U.S. Sen. Rick Santorum, R-Pa., speaks to an election night gathering at his headquarters Tuesday, May 16, 2006, in Greentree, Pa. State Treasurer Bob Casey easily beat two challengers Tuesday to win the Democratic nomination to challenge Santorum in a race that national Democratic leaders hope will underscore public disapproval of the nation's Republican leadership.
AP Photo/John Heller
The time and money Republicans spent helping the Green Party field a U.S. Senate candidate may be a lost cause — unless Pennsylvania's highest court steps in and decides that he can compete against Republican Sen. Rick Santorum and Democratic state Treasurer Bob Casey.

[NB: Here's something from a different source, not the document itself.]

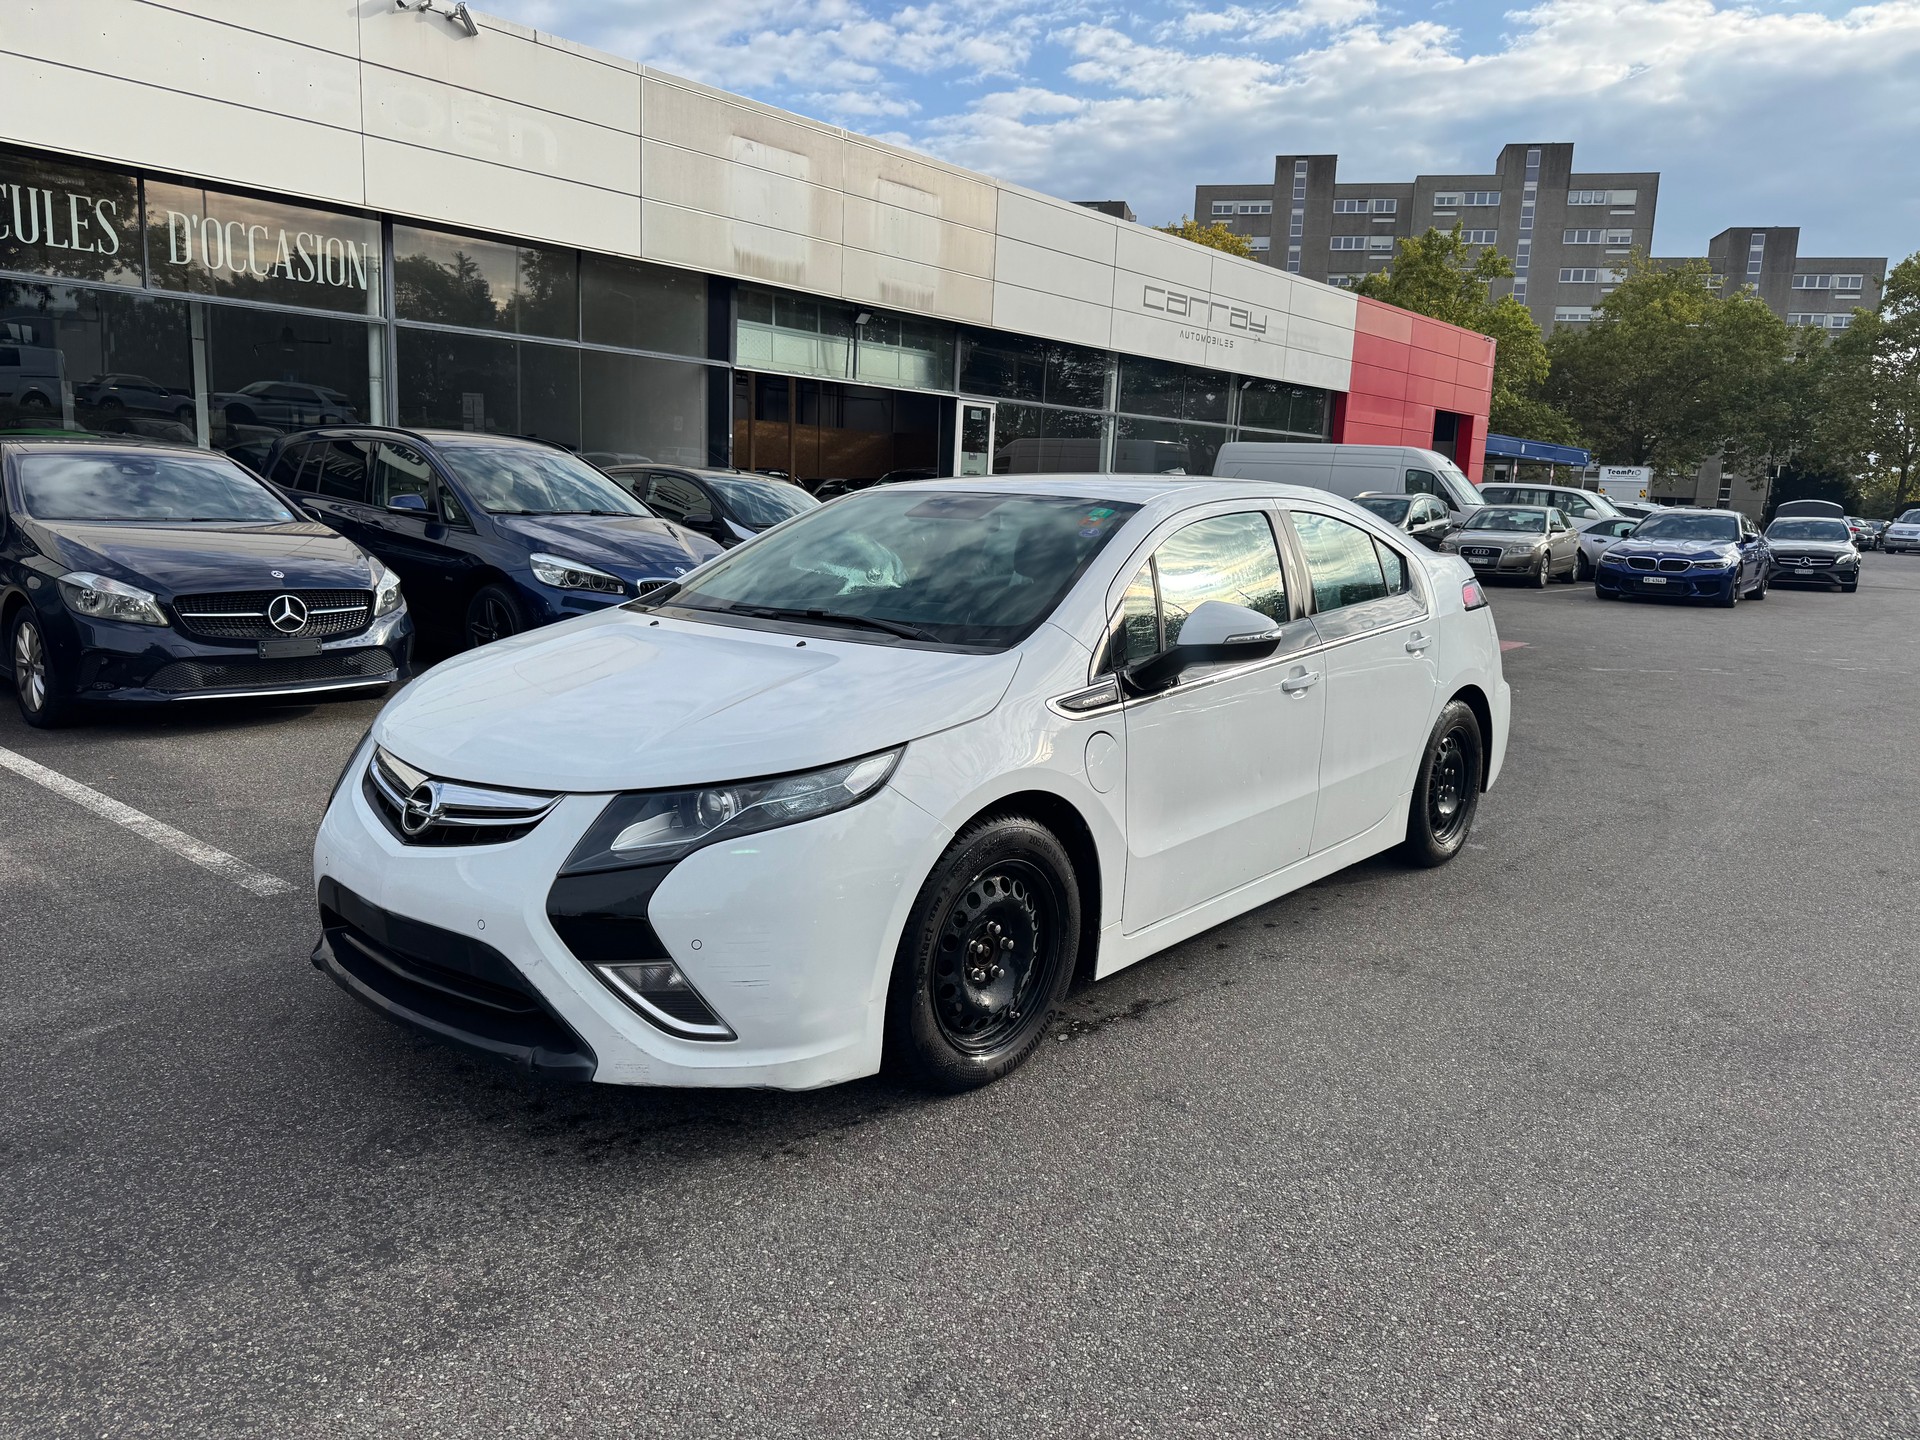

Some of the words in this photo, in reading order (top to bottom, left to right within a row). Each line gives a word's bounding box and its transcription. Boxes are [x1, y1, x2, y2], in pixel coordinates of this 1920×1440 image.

[167, 210, 368, 290] D'OCCASION
[1143, 284, 1267, 334] carray
[1179, 330, 1234, 349] AUTOMOBILES

Carl Romanelli, whose candidacy was backed by Santorum, is hoping the state Supreme Court will rule that state elections officials required him to gather far too many petition signatures to make the Nov. 7 ballot.

Commonwealth Court Judge James R. Kelley said during a hearing Monday that Romanelli, a railroad industry consultant from Wilkes-Barre, was 8,931 signatures shy of 67,070 he needed to qualify as a minor-party candidate.

Clifford Levine, an attorney for the Democrats, said the ruling "allows there to be a head-to-head matchup between Bob Casey and Rick Santorum, which is what obviously, in our view, Sen. Santorum was trying to avoid."

Romanelli has garnered about 5 percent in recent independent polls and campaign experts expect that the majority of those votes would go to Casey, which is precisely why Santorum and Republicans want Romanelli on the ballot, the Harrisburg Patriot-News said.

Romanelli did not attend Monday's hearing. In a statement issued later in the day, he said his fate would ultimately depend on the state Supreme Court determining how many signatures he needed to get on the ballot.

"The Democrats have a long way to go to get me off the ballot," Romanelli said.